=== Your goal ===
Write out the records word for word, with no pictures.

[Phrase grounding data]
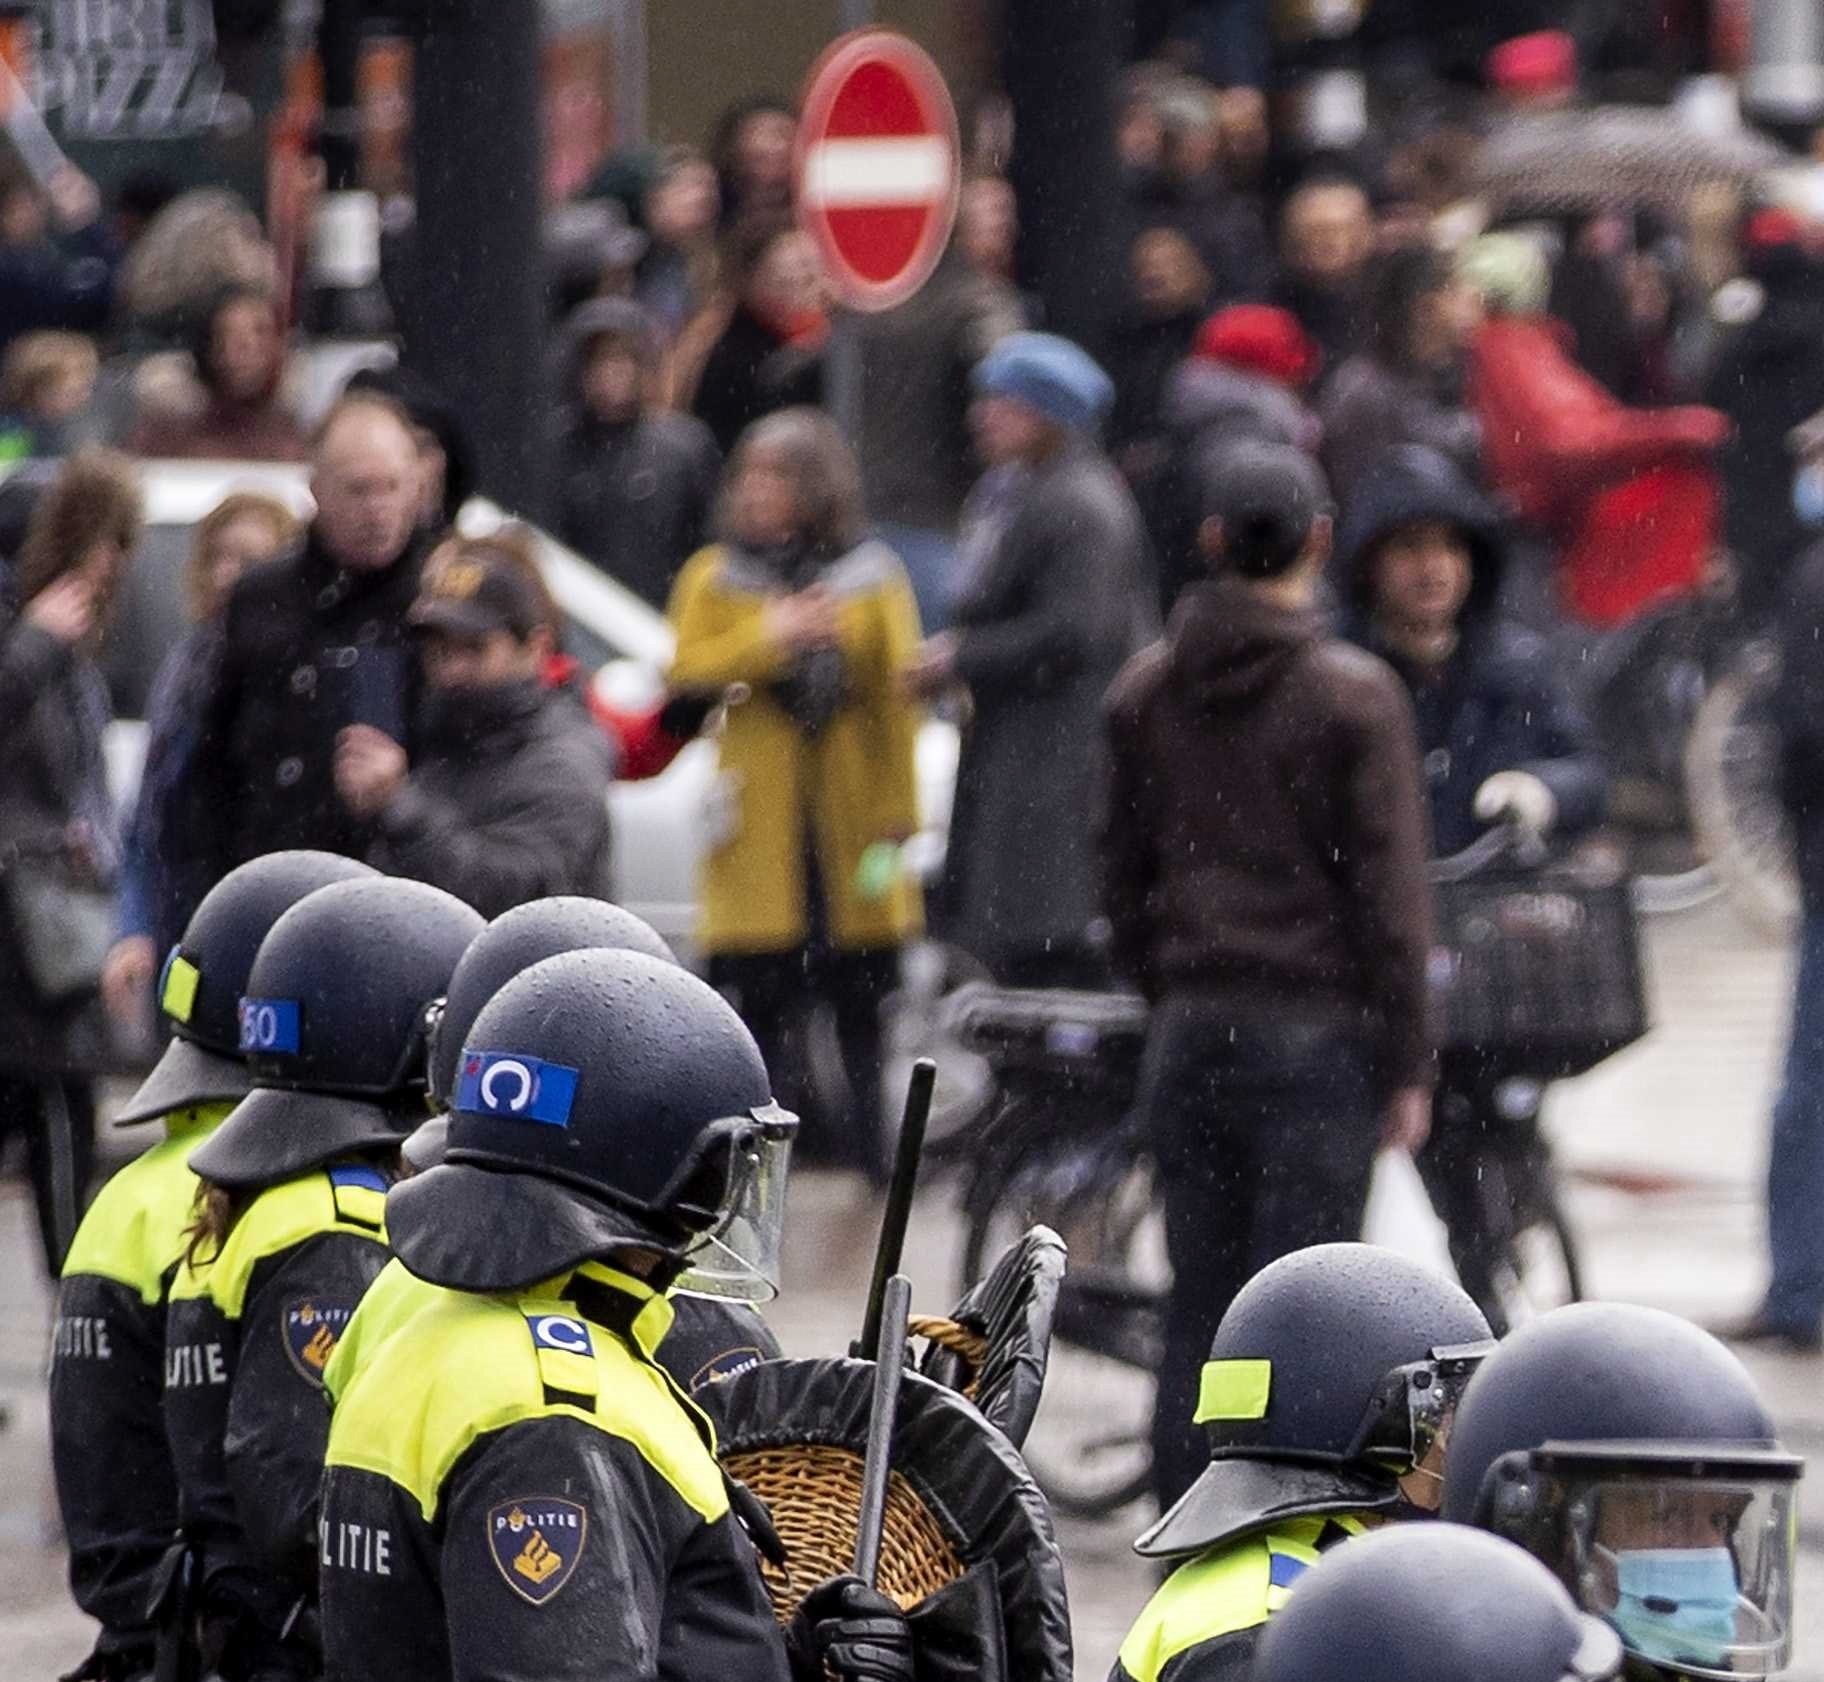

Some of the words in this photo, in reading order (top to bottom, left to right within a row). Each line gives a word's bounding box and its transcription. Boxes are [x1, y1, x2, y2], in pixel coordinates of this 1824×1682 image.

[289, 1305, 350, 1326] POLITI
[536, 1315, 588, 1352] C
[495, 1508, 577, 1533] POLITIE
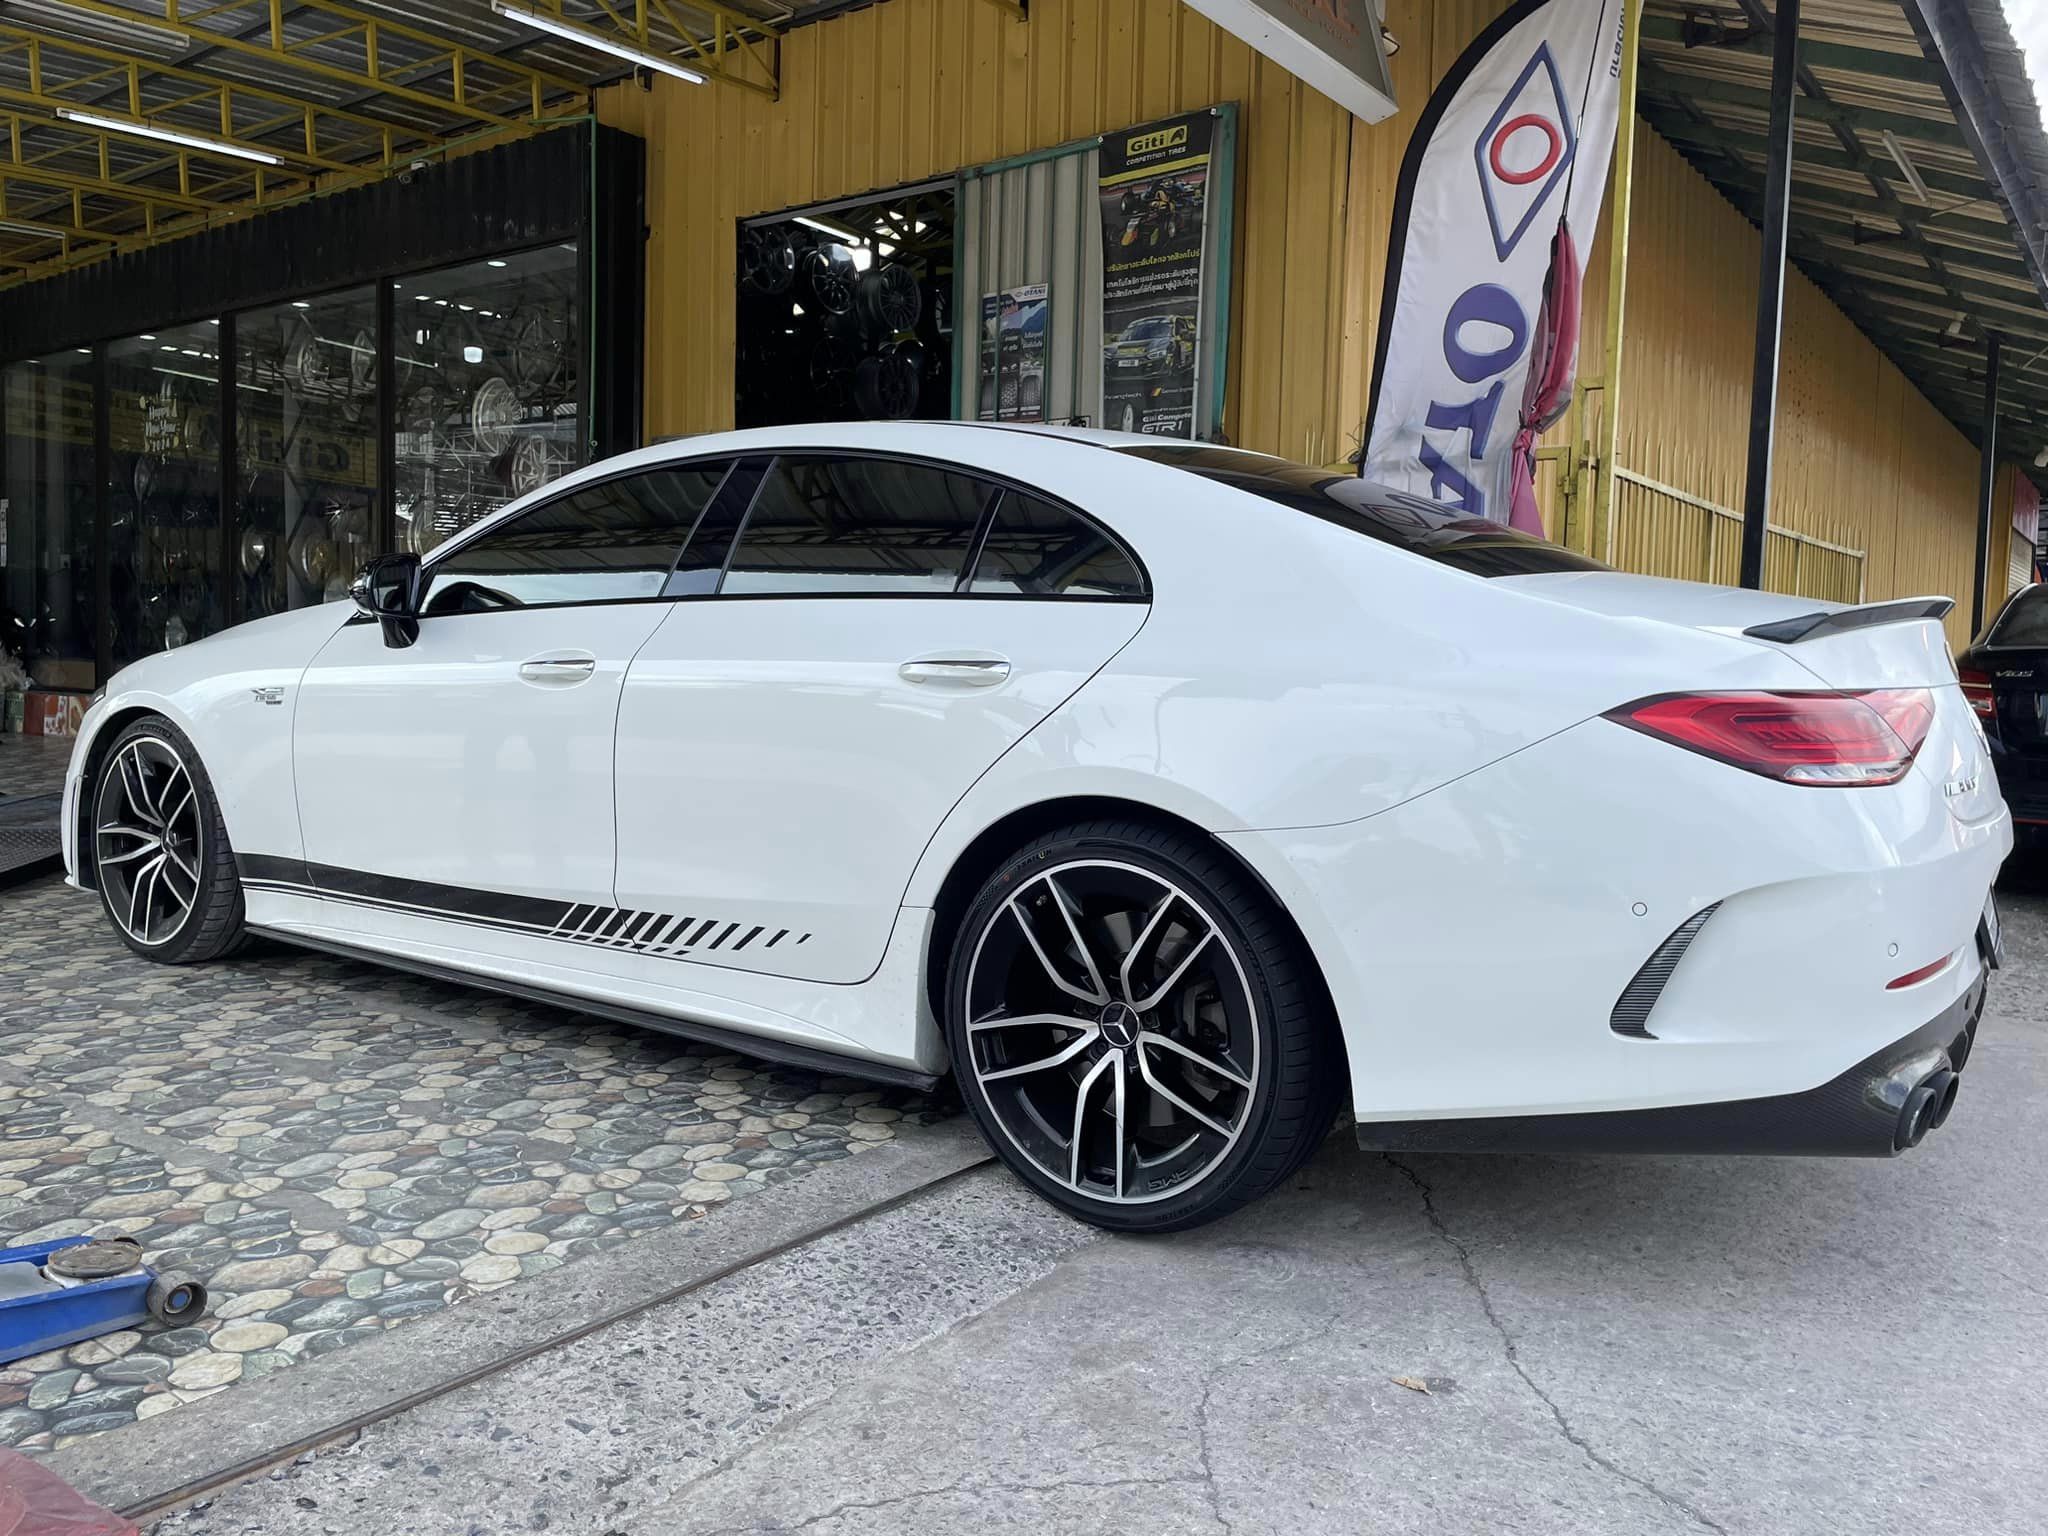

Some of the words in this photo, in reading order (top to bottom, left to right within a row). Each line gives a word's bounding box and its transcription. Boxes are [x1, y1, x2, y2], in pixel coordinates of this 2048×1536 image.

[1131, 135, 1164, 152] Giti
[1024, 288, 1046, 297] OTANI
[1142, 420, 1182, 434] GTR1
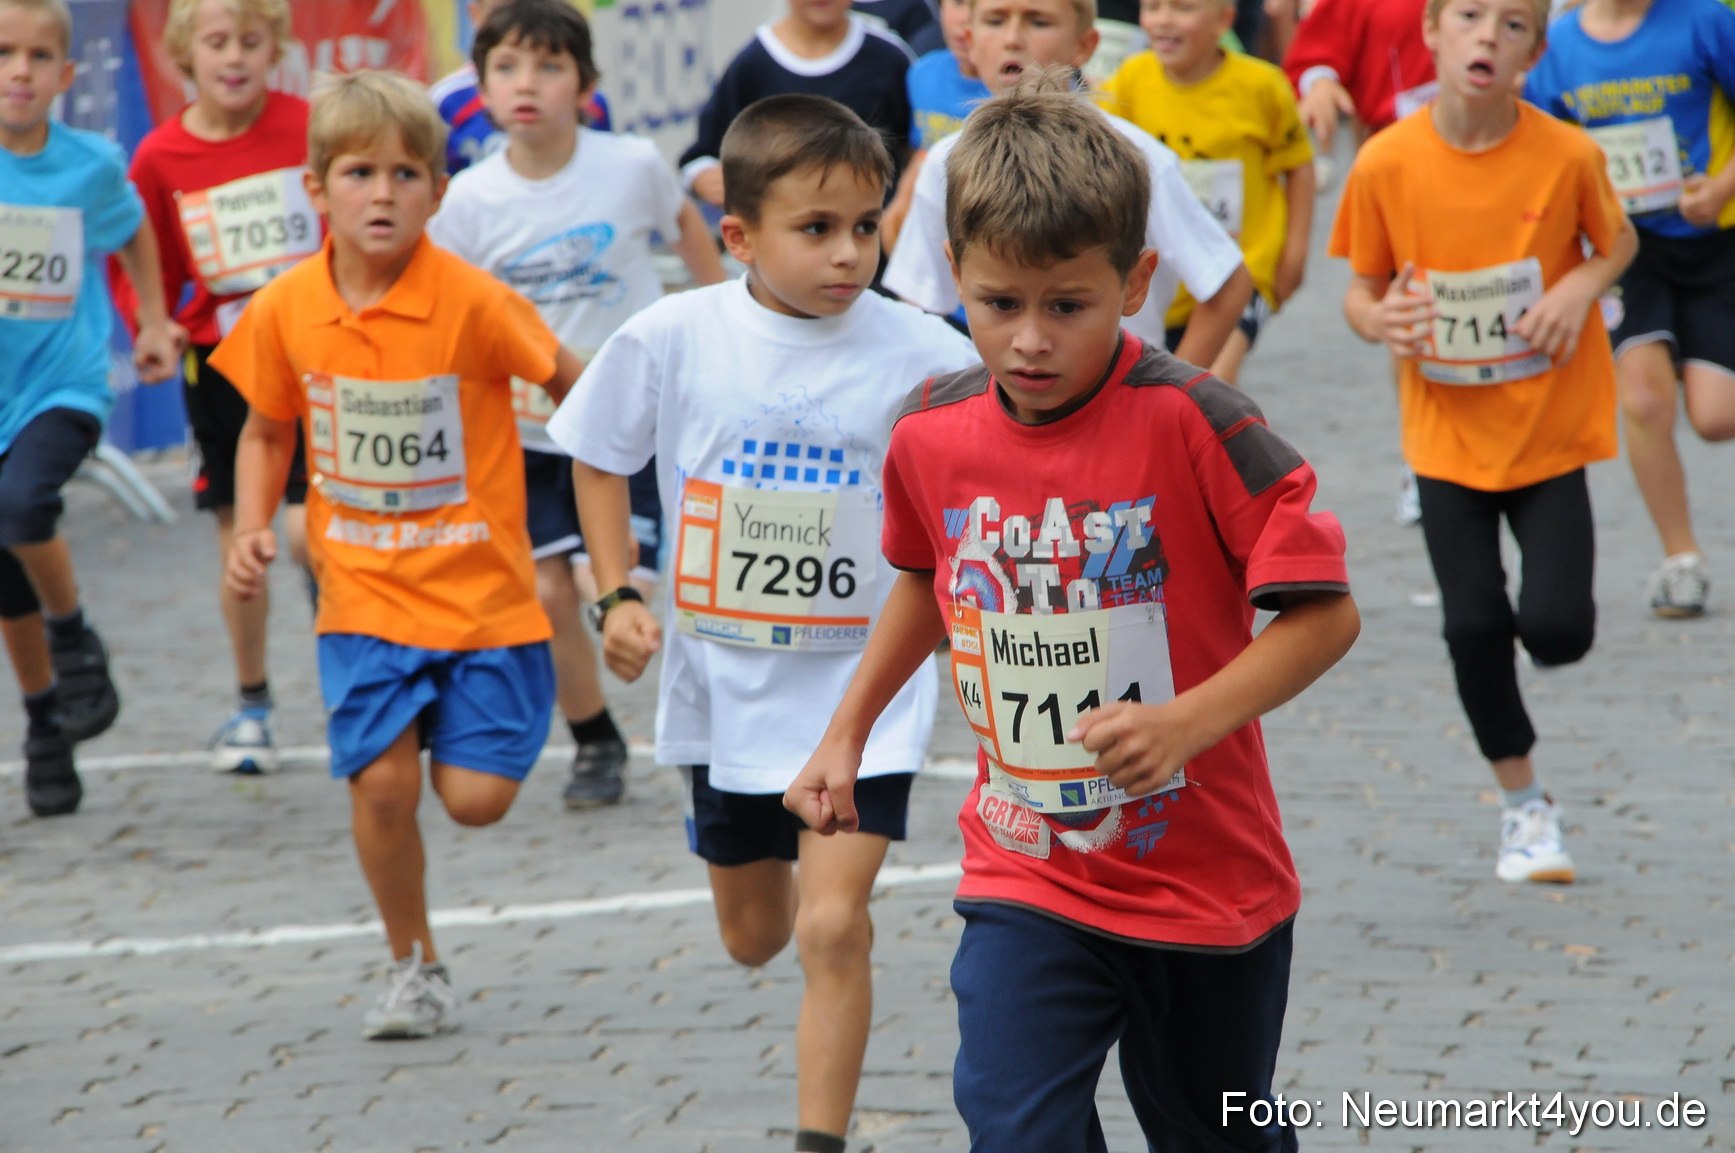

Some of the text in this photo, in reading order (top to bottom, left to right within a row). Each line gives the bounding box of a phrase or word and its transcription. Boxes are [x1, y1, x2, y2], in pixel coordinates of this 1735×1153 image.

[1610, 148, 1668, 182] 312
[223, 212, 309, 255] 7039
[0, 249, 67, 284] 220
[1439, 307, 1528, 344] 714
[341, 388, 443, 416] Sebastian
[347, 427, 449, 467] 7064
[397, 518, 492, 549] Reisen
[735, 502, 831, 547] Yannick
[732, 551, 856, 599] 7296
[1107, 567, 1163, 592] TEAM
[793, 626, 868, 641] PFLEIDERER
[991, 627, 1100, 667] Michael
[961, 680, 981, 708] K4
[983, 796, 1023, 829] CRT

=== Answer box ===
Some of the words in this photo, in reading order (top to bottom, left to right within a row). Each line gives a word's bounding box and its transcription. Boxes are [x1, y1, x2, y2], in pixel coordinates of this 1824×1682 image.

[289, 1305, 350, 1326] POLITI
[536, 1315, 588, 1352] C
[495, 1508, 577, 1533] POLITIE

Some of the words in this photo, in reading order (top to bottom, left to right within a row). Each line gives a word's bounding box and its transcription. Boxes are [x1, y1, x2, y2], in pixel coordinates of this 2048×1536 image.

[1131, 135, 1164, 152] Giti
[1024, 288, 1046, 297] OTANI
[1142, 420, 1182, 434] GTR1

Some of the text in this photo, in reading order (top to bottom, left to right within a row). Each line gives the bounding box of a phrase or word and its transcription. Boxes are [x1, y1, x2, y2], in pixel coordinates of this 1735×1153 image.

[1610, 148, 1668, 182] 312
[223, 212, 309, 255] 7039
[0, 249, 67, 284] 220
[1439, 307, 1528, 344] 714
[341, 388, 443, 416] Sebastian
[347, 427, 449, 467] 7064
[397, 518, 492, 549] Reisen
[735, 502, 831, 547] Yannick
[732, 551, 856, 599] 7296
[1107, 567, 1163, 592] TEAM
[793, 626, 868, 641] PFLEIDERER
[991, 627, 1100, 667] Michael
[961, 680, 981, 708] K4
[983, 796, 1023, 829] CRT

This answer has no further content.